## Required action
Below are the records; print them again exactly and omit the pictures.

---------- Source data ----------

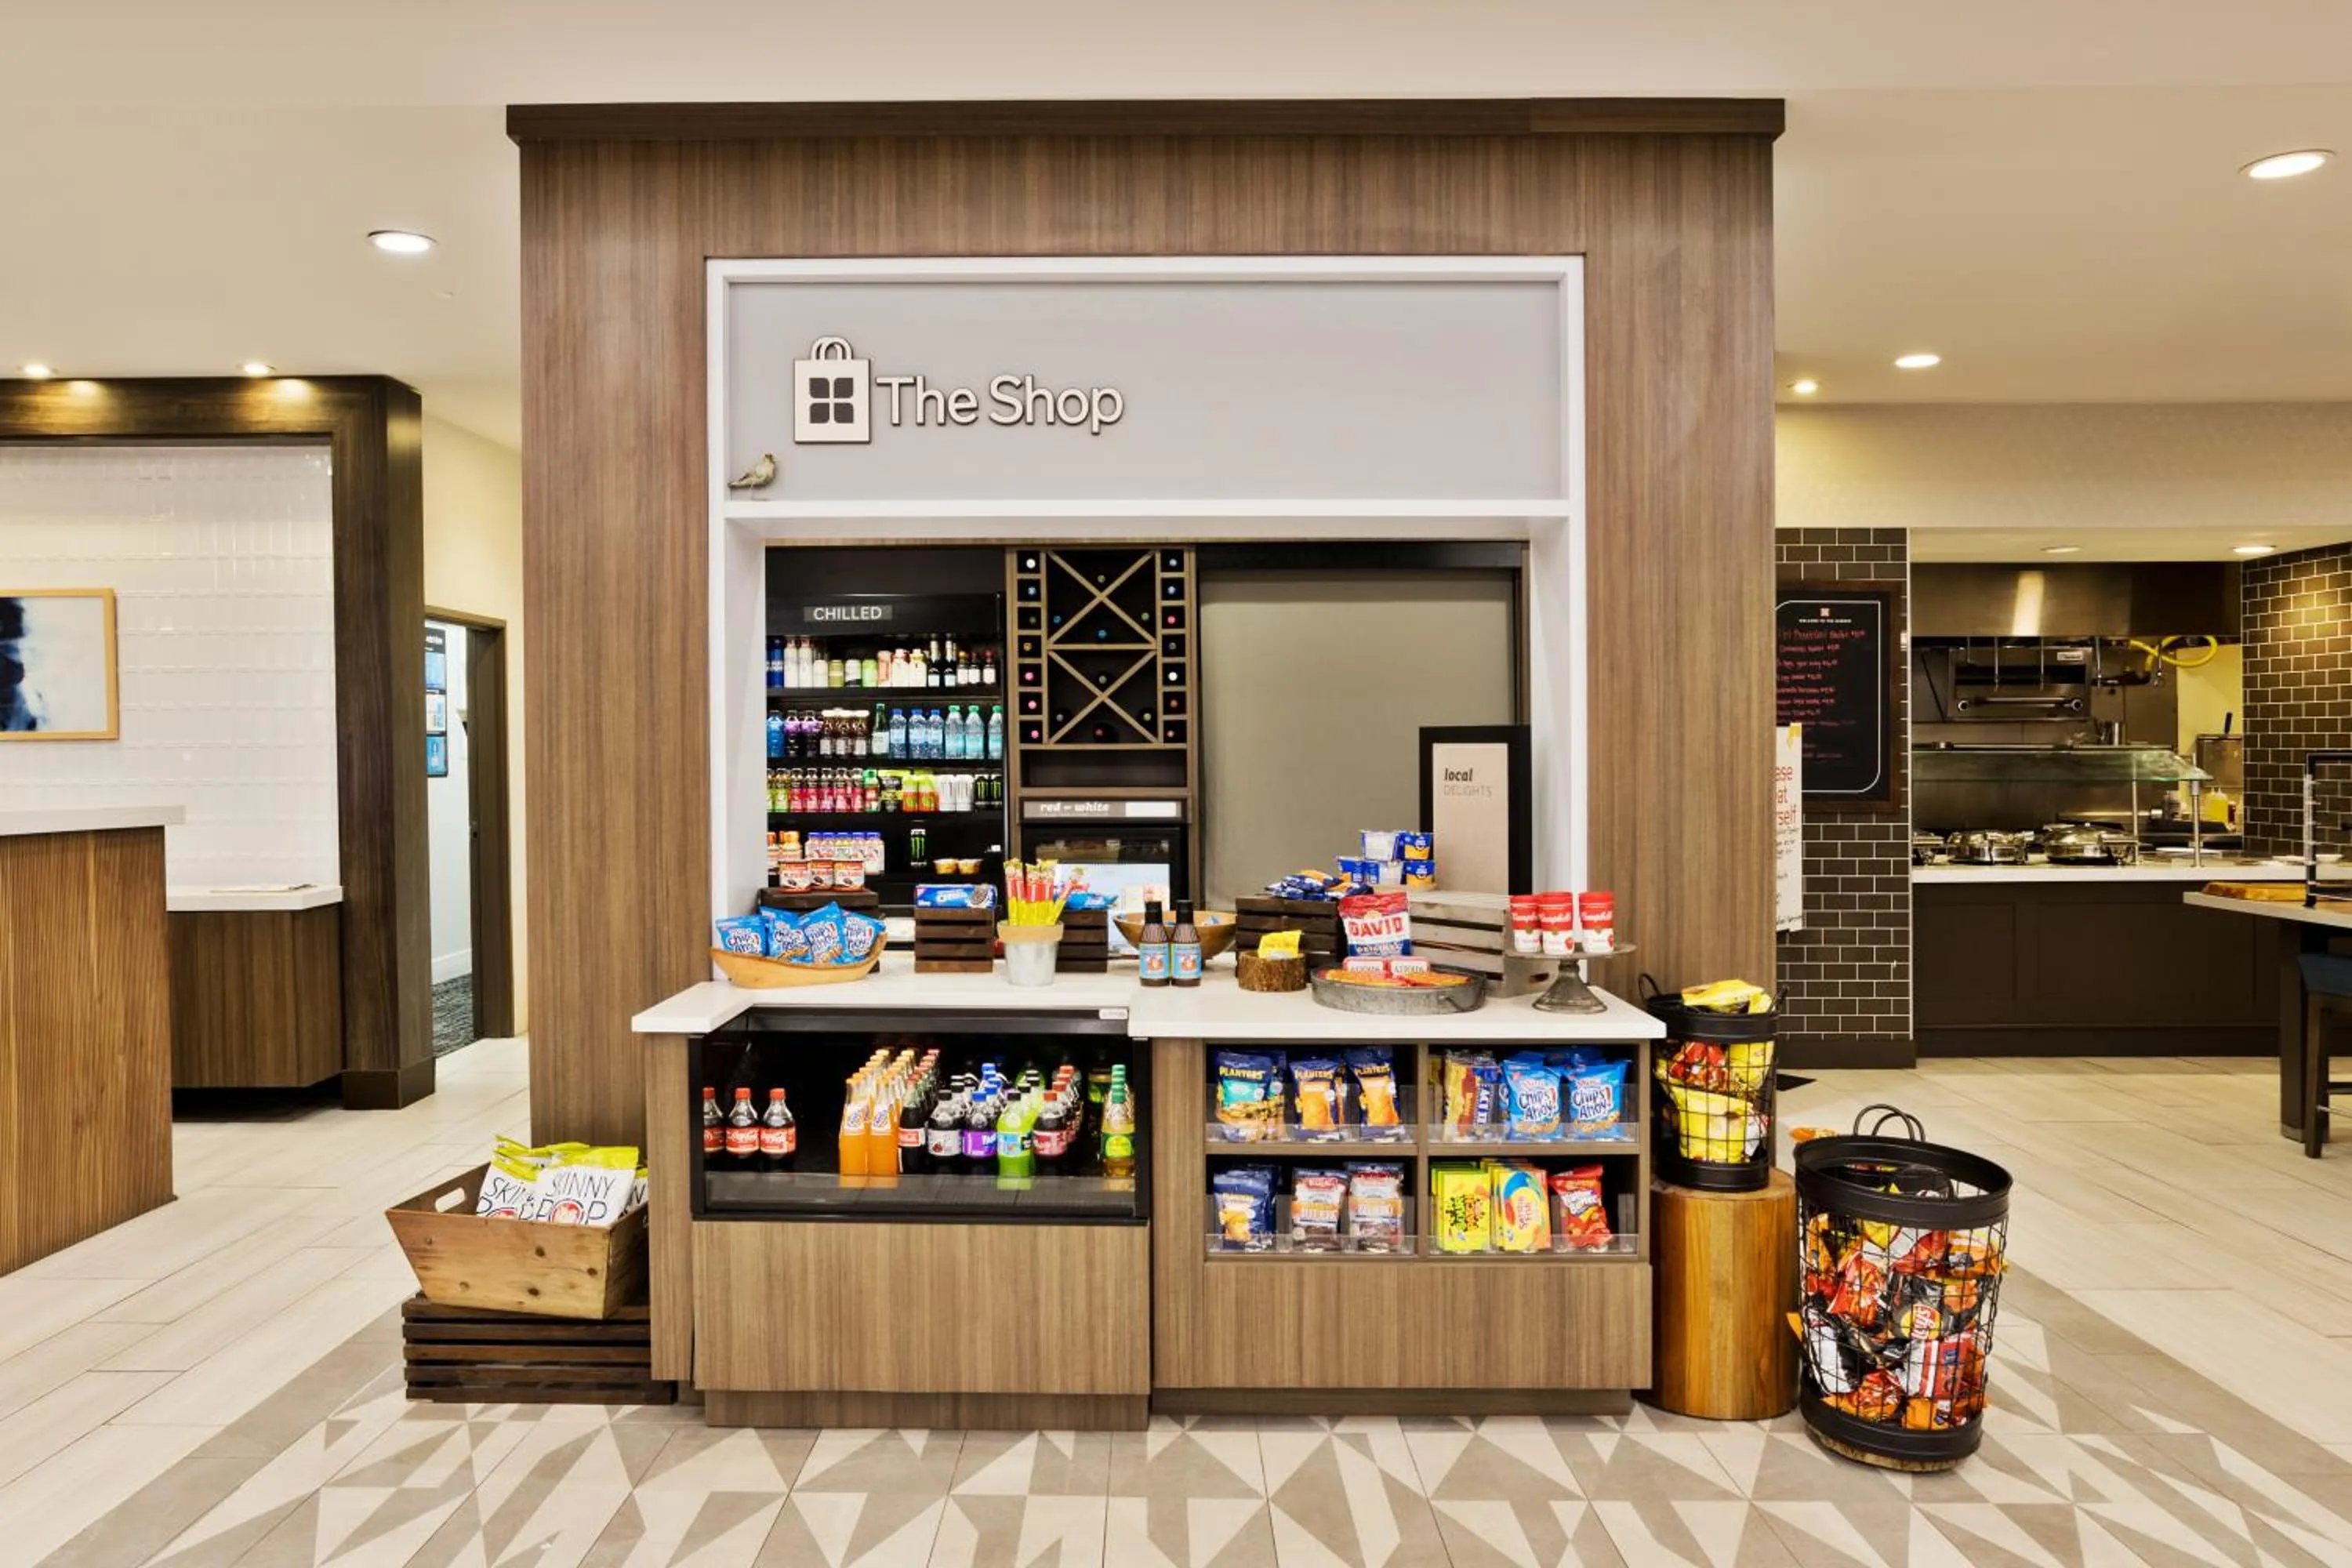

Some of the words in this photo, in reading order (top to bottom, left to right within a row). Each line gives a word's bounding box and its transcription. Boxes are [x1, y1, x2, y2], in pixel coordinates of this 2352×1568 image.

[876, 376, 979, 426] The
[989, 374, 1124, 435] Shop
[813, 606, 883, 621] CHILLED
[1444, 768, 1474, 782] local
[1443, 785, 1494, 799] DELIGHTS
[1040, 802, 1062, 812] red
[1075, 802, 1110, 812] white
[1348, 916, 1404, 937] DAVID
[1220, 1067, 1264, 1080] PLANTERS
[1296, 1069, 1334, 1080] PLANTERS
[1355, 1065, 1391, 1076] PLANTERS
[1519, 1089, 1552, 1109] Chips
[1573, 1088, 1606, 1107] Chips

----------

## Answer box
Some of the words in this photo, in reading order (top to bottom, left to right within a row). Each line gives a word's bounding box and its transcription. Boxes are [x1, y1, x2, y2], in pixel coordinates of this 2352×1568 image.

[876, 376, 979, 426] The
[989, 374, 1124, 435] Shop
[813, 606, 883, 621] CHILLED
[1444, 768, 1474, 782] local
[1443, 785, 1494, 799] DELIGHTS
[1040, 802, 1062, 812] red
[1075, 802, 1110, 812] white
[1348, 916, 1404, 937] DAVID
[1220, 1067, 1264, 1080] PLANTERS
[1296, 1069, 1334, 1080] PLANTERS
[1355, 1065, 1391, 1076] PLANTERS
[1519, 1089, 1552, 1109] Chips
[1573, 1088, 1606, 1107] Chips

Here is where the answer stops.